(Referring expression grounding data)
- - - -

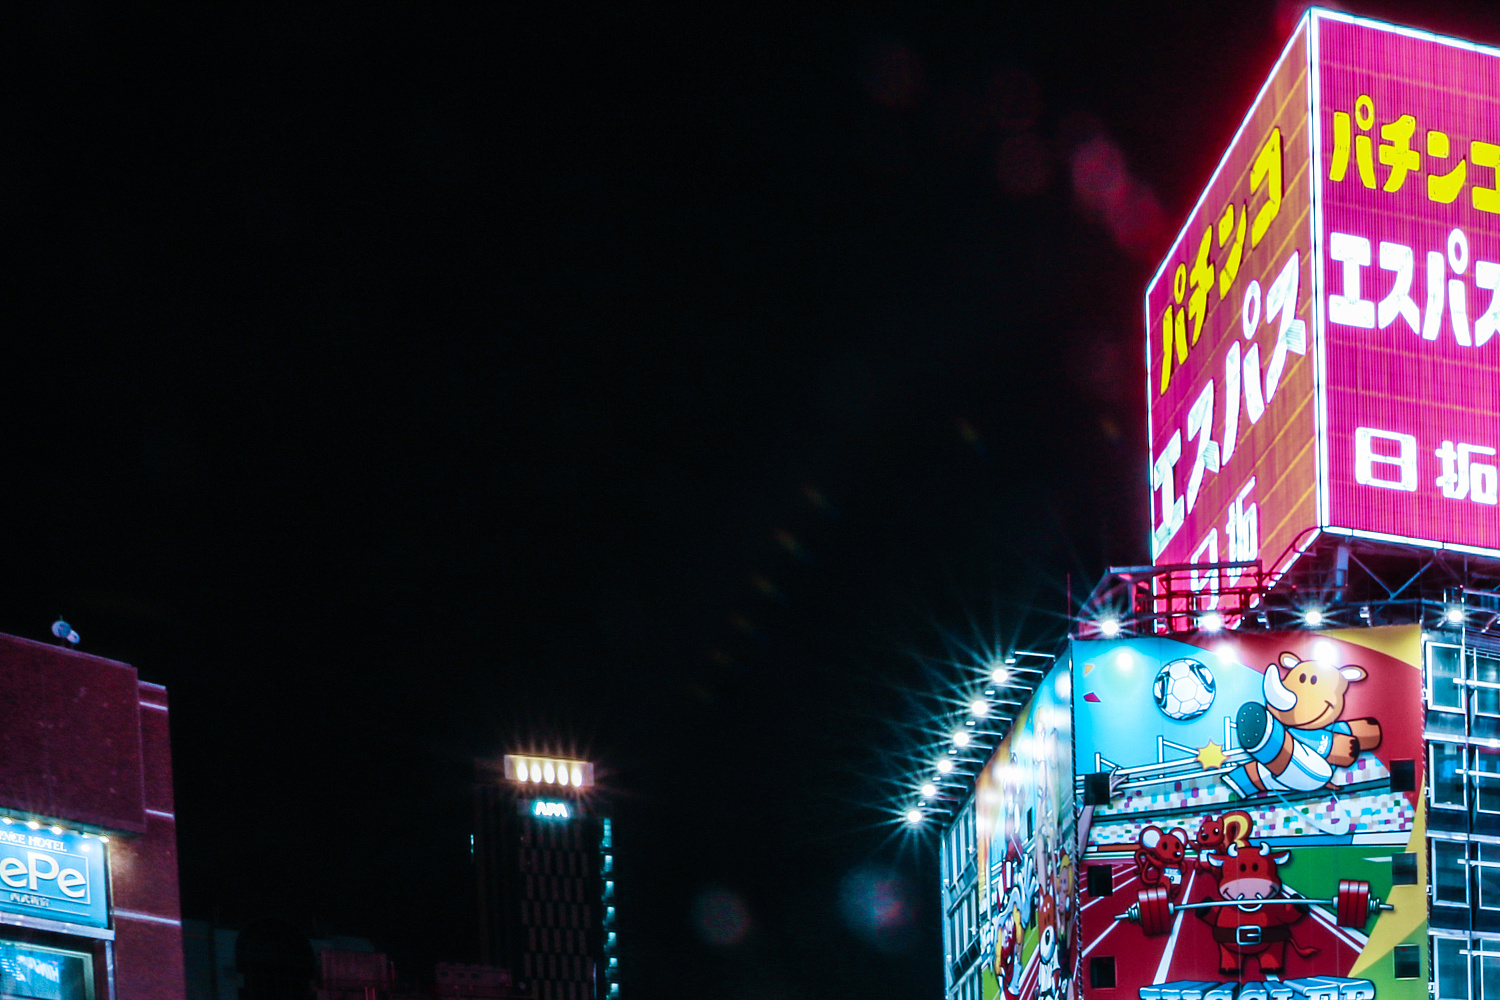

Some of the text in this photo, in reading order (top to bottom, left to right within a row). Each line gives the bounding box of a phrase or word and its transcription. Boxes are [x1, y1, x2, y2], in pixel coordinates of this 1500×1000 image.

[1158, 127, 1282, 394] パチンコ
[1153, 250, 1307, 539] エスパス
[1355, 426, 1498, 505] 日拓
[28, 836, 67, 852] HOTEL
[534, 801, 569, 818] APA

- - - -

**Aim of the task**: An exact copy of every entry above is needed, with the pictures left out.

**Answer box**:
Some of the text in this photo, in reading order (top to bottom, left to right within a row). Each line gives the bounding box of a phrase or word and its transcription. Boxes are [x1, y1, x2, y2], in pixel coordinates of this 1500×1000 image.

[1158, 127, 1282, 394] パチンコ
[1153, 250, 1307, 539] エスパス
[1355, 426, 1498, 505] 日拓
[28, 836, 67, 852] HOTEL
[534, 801, 569, 818] APA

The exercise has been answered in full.